Renegociação de crédito é natural em tempos de crise, diz BB

A inadimplência da carteira renegociada da instituição, considerando atrasos acima de 90 dias, porém, recuou, de 14,2% em março para 12,8% em junho

São Paulo – O crescimento do volume de crédito renegociado é natural diante de um cenário desafiador, de acordo com Bernardo de Azevedo Silva Rothe, gerente Geral da Unidade Relações com Investidores do Banco do Brasil.

“Neste trimestre, realmente, tivemos um crescimento maior, mas nosso índice de carteira renegociada ainda é menor que o dos demais pares, o que acontece também com a inadimplência desta carteira, que é mais arriscada”, explicou ele, em teleconferência com analistas e investidores, nesta sexta-feira, 14.

De abril a junho, o saldo final de créditos renegociados por atraso subiu 58%, para R$ 13,7 bilhões em um ano. Esse montante representa 1,9% da carteira total do BB, abaixo da média de 3,5% dos pares privados, conforme o banco.

A inadimplência da carteira renegociada da instituição, considerando atrasos acima de 90 dias, porém, recuou, de 14,2% em março para 12,8% em junho. O indicador médio dos pares privados, conforme o BB, passou de 25,0% para 22,4%, na mesma base de comparação.

“O objetivo do banco é recuperar os créditos que têm emprestado. É um trabalho contínuo, de bastante esforço”, destacou Rothe.

Segundo ele, não fosse esse esforço o índice de inadimplência da carteira de crédito total poderia ter sido pior. O indicador de calotes, que considera atrasos acima de 90 dias, foi a 2,04% ao final de junho contra 2,05% em março.
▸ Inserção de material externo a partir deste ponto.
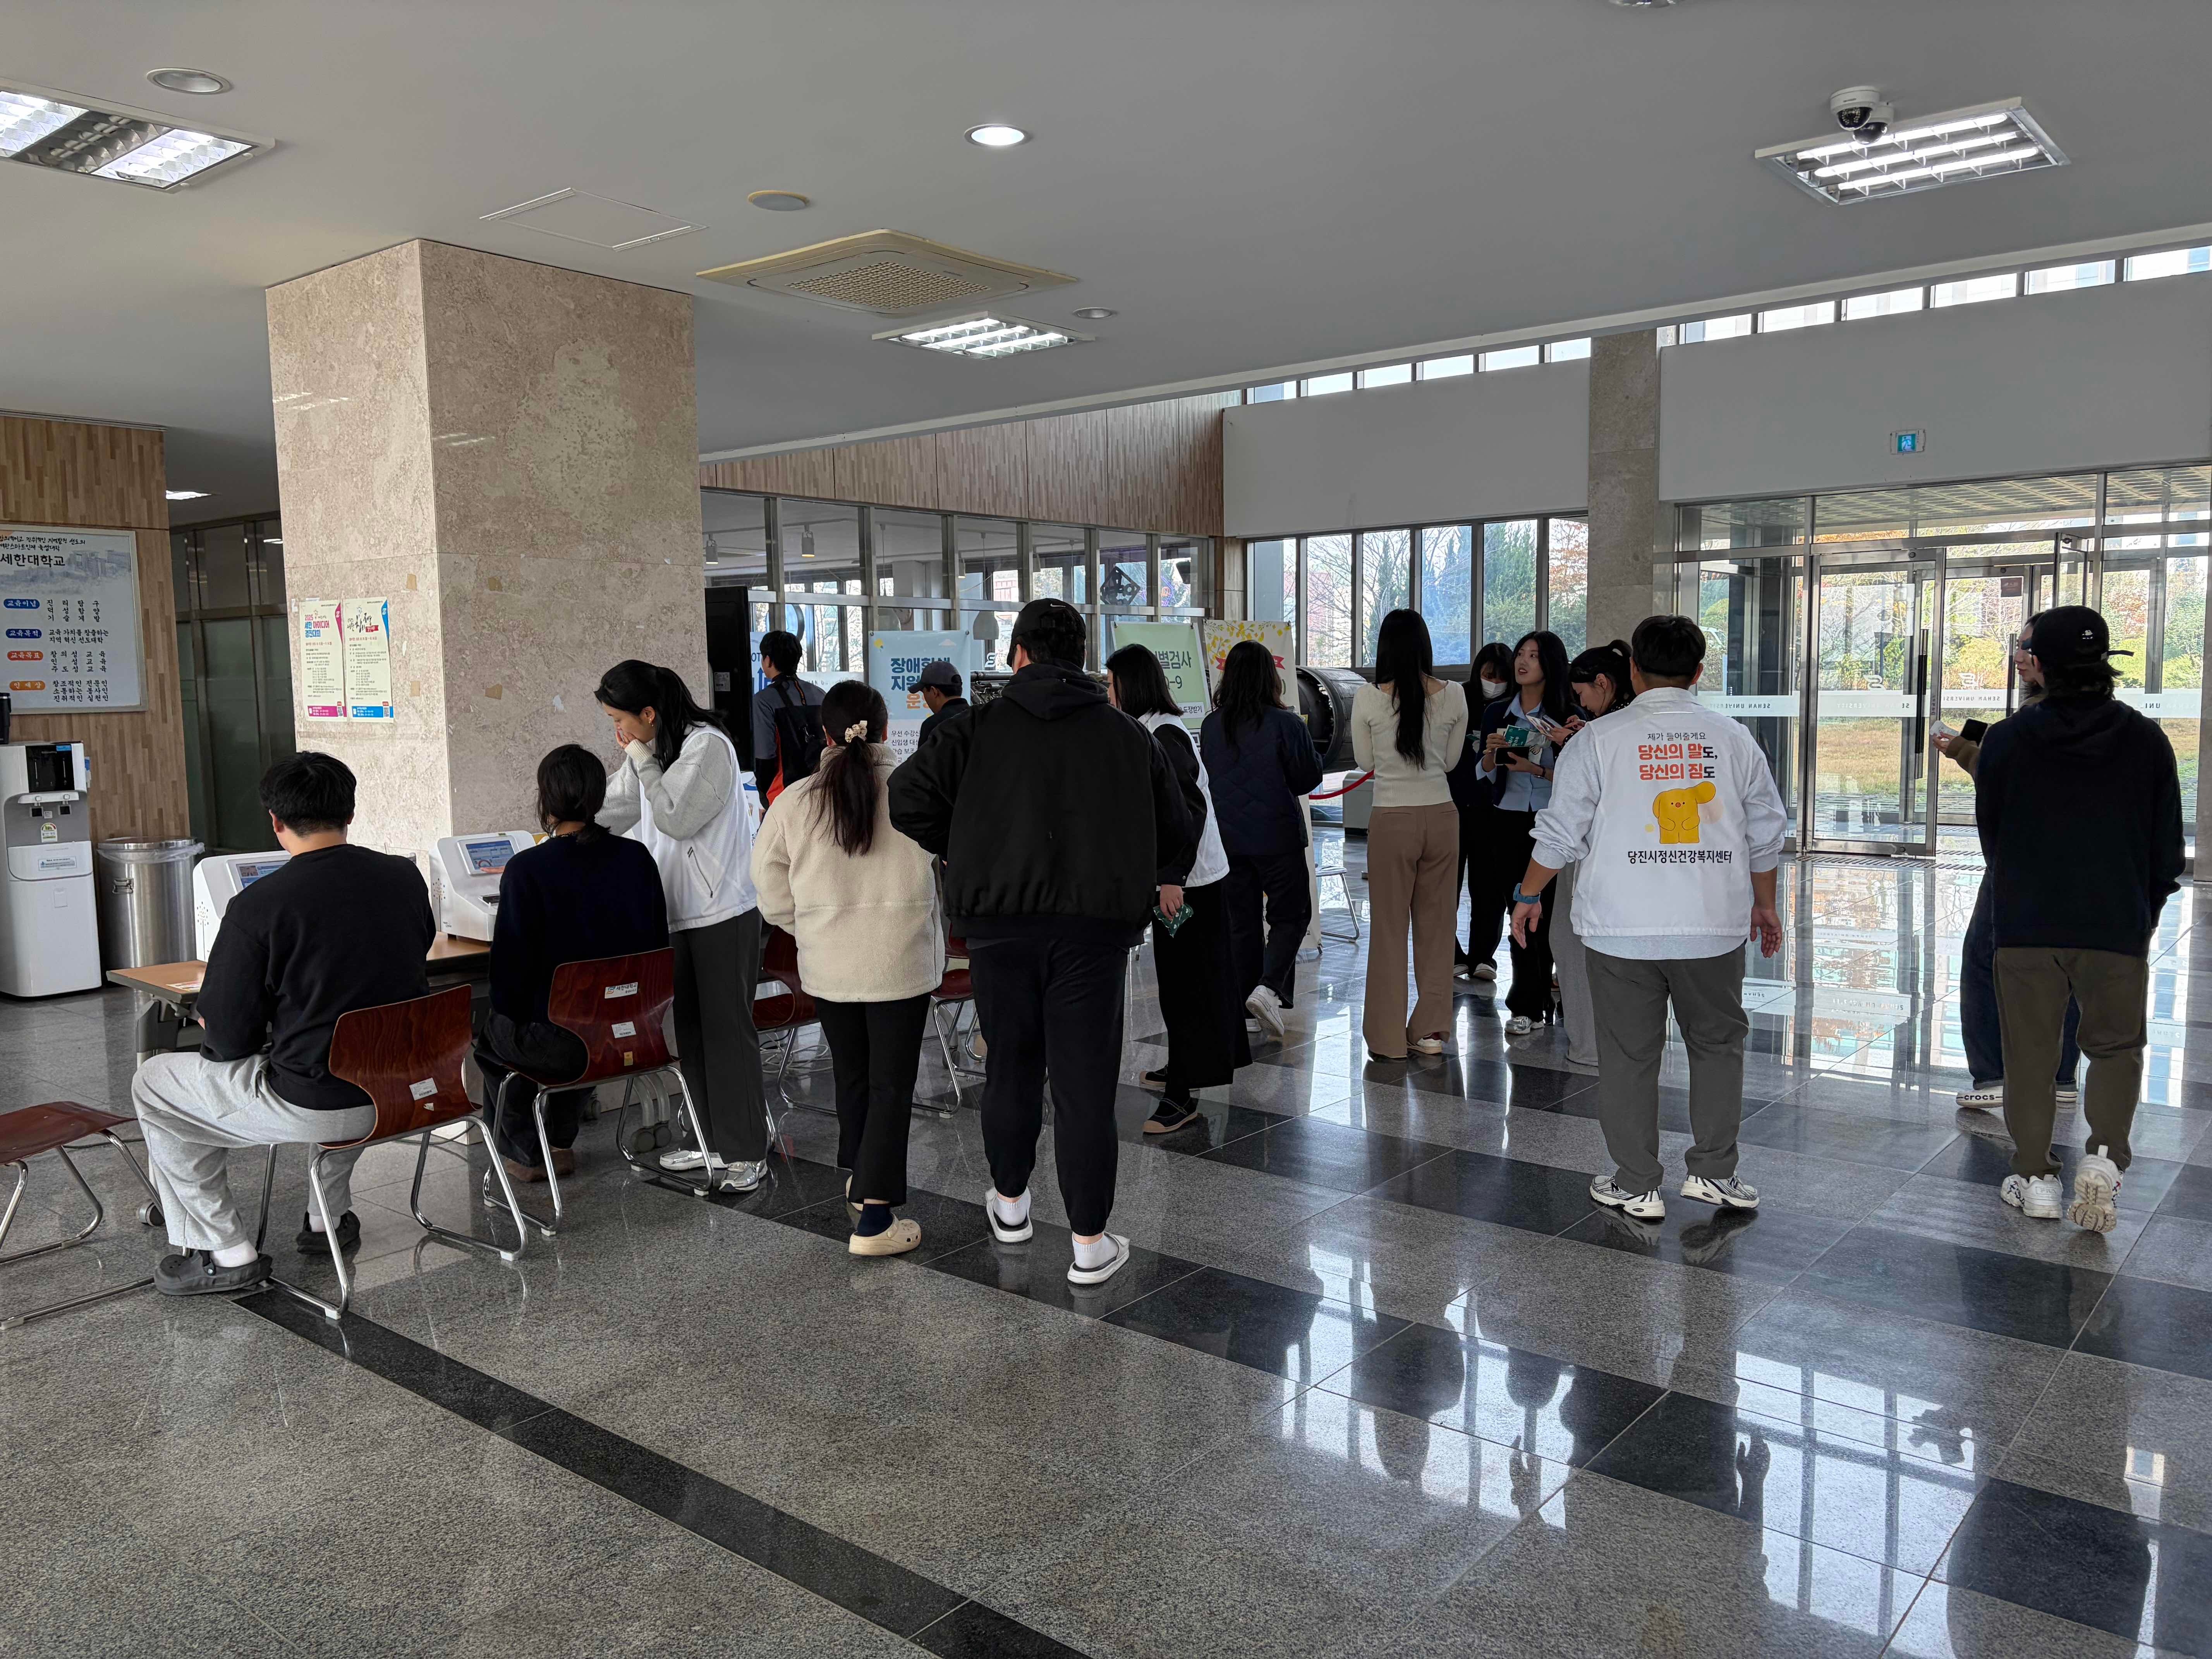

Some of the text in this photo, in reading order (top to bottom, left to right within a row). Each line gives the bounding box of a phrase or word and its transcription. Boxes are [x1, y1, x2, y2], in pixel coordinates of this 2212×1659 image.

Em um ano, quando estava em 1,99%, entretanto, foi vista piora de 0,06 p.p.

O BB encerrou ontem a temporada de balanços dos grandes bancos de capital aberto do País no segundo trimestre, ao anunciar lucro líquido ajustado de R$ 3,040 bilhões no período, expansão de 1,3% em 12 meses, quando ficou em R$ 3,002 bilhões. No semestre, foi a R$ 6,065 bilhões, aumento de 11,5% em um ano.

Depósitos judiciais

O valor que pode ser atingido pela lei complementar dos depósitos judiciais é de apenas 2,1% da captação total do Banco do Brasil, de acordo com José Maurício Pereira Coelho, vice-presidente de Gestão Financeira e de Relações com Investidores da instituição.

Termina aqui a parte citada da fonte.